I cry at movies a lot, but any other reaction I’ve ever had pales in comparison to those two.

Schindler’s List. The end, with the modern footage of people placing stones on his gravesite. It had me and several of my 19-to-21-year-old male friends weeping like widows.

Requiem For A Dream left me numb. I felt like I had gone ten rounds with Tyson.

under the premise that all emotions rise out of three primitiive emotions that being Love, Fear and Rage I think these resonated most deeply.

the Exoricist…my core being shaken and disturbed, the fear I felt was primal. To this day I shudder while watching it.

Saving Private Ryan…the landing scene about halfway through my urge was to flee to the lobby for air. The manner in which we send young people to die is appalling.
When the German soldier previously set free slowly and methodically drives the bayonet into the chest of Private Mellish I felt a piece of me die.
When the now older Private Ryan stands in front of Capt. Miller’s grave and says “Tell me I led a good life” I felt completely overwhelmed.

The Princess Bride…Loved every second of it and made me laugh till I cried.

For a long time I thought they were the same guy too, but somewhere else I found that they weren’t. I’ll look for a cite. And check out the German soldier who shoots Miller. He also looks like the same guy. In fact, a whole bunch of the German soldiers, with those identical buzz cuts, look pretty much like the same guy.

I love that movie, but the scene of Inigo Montoya getting his revenge always tears me up. From what I understand, Mandy Patinkin lost his father to cancer, and I read an interview where he said that he drew upon that when playing the scene - that Count Rugen was cancer. My father died of lung cancer when I was 16, and to this day I feel the same pain and fury Mandy put into “I want my father back, you son of a bitch!”

The IMDB FAQ site says the two were not the same guy – they had different military insignia.
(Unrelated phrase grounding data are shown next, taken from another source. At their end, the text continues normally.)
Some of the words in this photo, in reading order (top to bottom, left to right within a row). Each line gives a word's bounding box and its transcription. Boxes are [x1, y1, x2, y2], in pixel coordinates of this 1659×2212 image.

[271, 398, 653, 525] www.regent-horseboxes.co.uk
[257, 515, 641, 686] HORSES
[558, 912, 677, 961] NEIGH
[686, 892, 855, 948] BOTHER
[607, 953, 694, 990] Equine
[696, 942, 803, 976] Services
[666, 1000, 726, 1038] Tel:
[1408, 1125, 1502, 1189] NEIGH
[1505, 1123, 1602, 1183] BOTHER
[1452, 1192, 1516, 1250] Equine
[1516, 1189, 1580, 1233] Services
It also say the prisoner guy, who is universally referred to as ‘Steamboat Willie’ is the guy who shoots Miller.

Interestingly, several other sites agree the stabber was another guy than Steamboat Willie, and one even names the two actors playing the roles, none of the others say that Steamboat Willie is also the guy who shot Miller.
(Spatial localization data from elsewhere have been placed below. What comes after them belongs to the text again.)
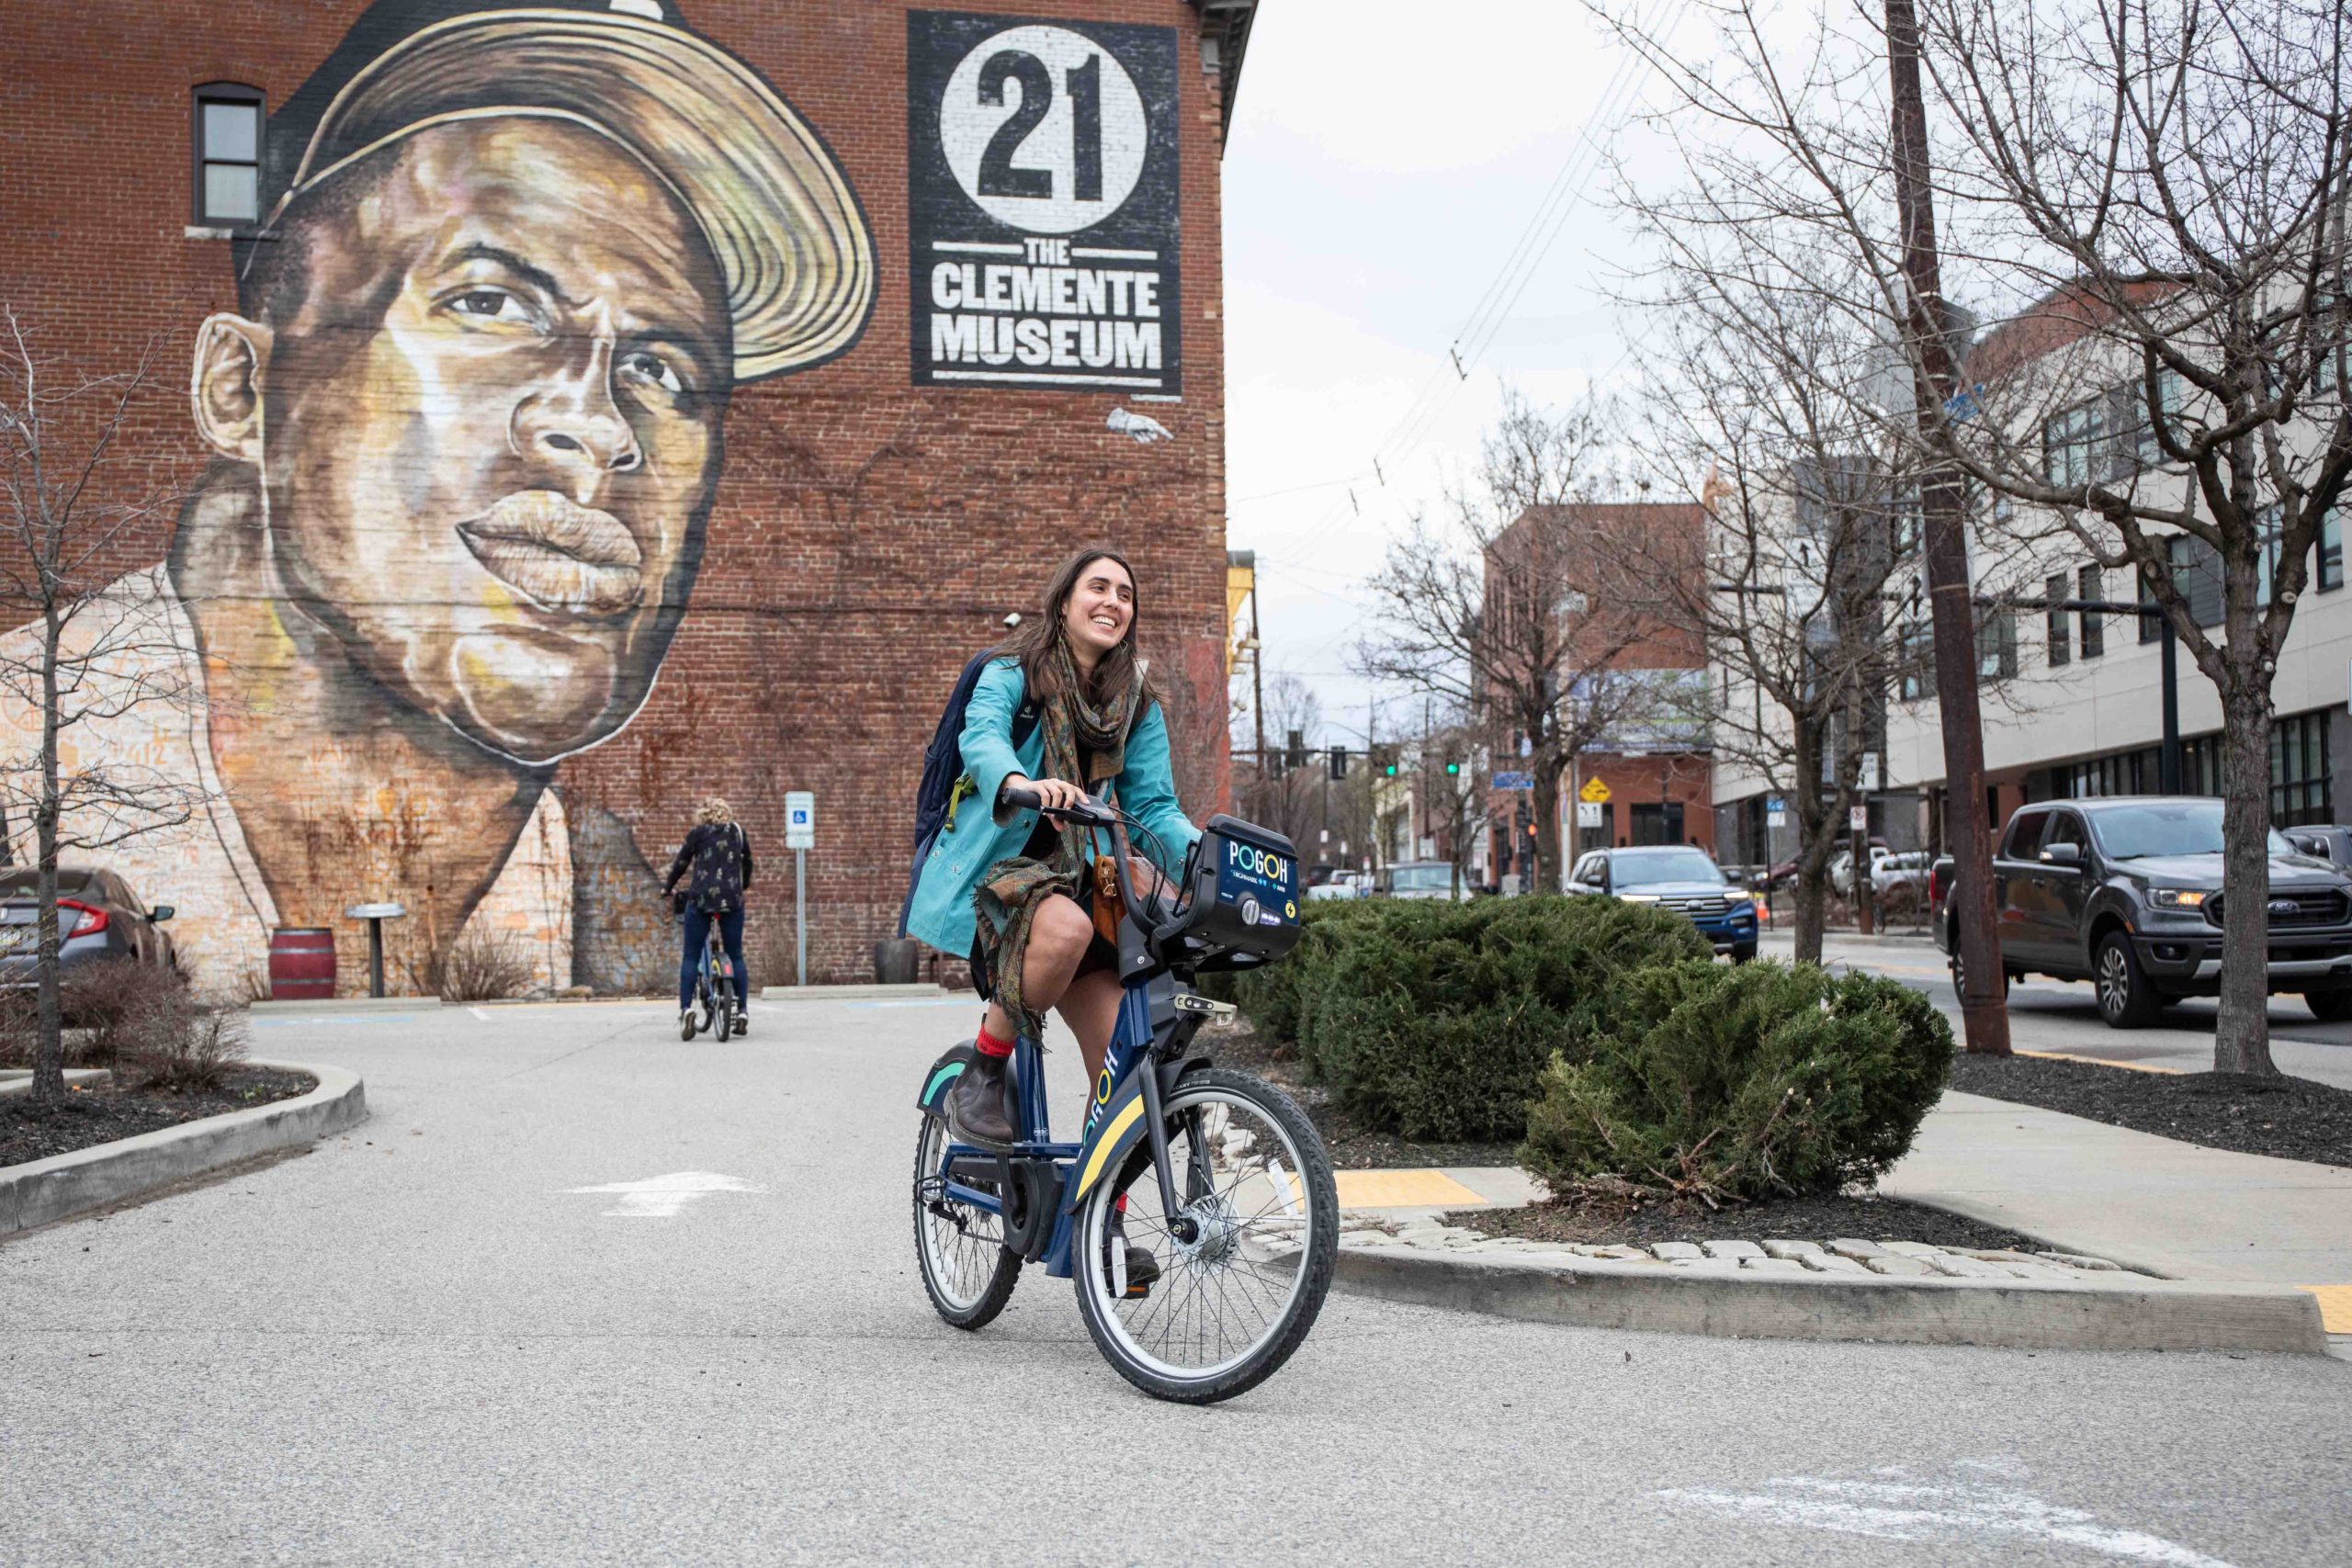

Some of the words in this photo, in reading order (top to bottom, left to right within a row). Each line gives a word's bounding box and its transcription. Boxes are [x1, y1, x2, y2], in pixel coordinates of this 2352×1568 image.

[978, 49, 1102, 201] 21
[1024, 238, 1070, 265] THE
[932, 262, 1160, 317] CLEMENTE
[932, 313, 1161, 369] MUSEUM
[1230, 841, 1287, 884] POGOH
My goodness! After reading the earlier posts, I feel a bit silly admitting that I cried in Star Trek II - The Wrath of Khan. I have always strongly identified with the character of Spock. When he died, I was a sobbing baby. Fortunately, several of my fellow trekkers were there and felt the same emotion. That was the first time I ever cried about a movie scene. I cry much more often now at movies but nobody minds it as I live alone. :slight_smile:

The end of La Bamba, when they told Richie Valens’s mother that he had died, her grief drove me to tears. To this day it puzzles me why random trite things like this provoke a bigger response than something like Schindler’s List.
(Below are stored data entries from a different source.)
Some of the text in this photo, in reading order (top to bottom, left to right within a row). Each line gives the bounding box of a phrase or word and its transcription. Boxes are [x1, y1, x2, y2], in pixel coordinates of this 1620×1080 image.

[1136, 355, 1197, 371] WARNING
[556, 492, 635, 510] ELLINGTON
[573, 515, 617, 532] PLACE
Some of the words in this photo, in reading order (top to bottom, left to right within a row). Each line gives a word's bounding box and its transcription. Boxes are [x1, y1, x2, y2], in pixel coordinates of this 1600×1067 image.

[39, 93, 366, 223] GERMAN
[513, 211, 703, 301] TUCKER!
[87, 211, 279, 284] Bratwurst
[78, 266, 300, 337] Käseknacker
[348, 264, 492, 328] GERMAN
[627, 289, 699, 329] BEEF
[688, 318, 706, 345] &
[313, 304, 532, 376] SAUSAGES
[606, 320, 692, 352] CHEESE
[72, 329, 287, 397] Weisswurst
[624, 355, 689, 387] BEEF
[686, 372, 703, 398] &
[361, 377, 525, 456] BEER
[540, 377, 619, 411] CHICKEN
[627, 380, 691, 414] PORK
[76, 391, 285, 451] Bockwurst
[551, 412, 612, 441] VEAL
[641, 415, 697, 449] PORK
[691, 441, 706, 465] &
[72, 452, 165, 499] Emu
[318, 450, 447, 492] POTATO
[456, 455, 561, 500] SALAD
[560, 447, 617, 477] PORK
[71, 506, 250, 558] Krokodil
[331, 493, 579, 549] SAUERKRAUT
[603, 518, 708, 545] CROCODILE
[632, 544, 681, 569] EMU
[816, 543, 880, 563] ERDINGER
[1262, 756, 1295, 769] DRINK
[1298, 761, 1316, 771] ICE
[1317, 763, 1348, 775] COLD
I guess I throw up my defenses when I see heavy shit coming, but little sentimental family tragedies tend to catch me unprepared.

Interesting..he seemed to recognize Upham on the stairs. The shooter of Miller called Upham by name just prior to Upham dispatching him after shooting Miller.

I am surprised no one has mentioned Babe. That movie is one of the few that makes me cry, every time. It is perfect.

The Neverending Story, and Atreu desperately trying to stop his horse from sinking into the quicksand. (That’s the only part of the movie I’ve really seen, though.)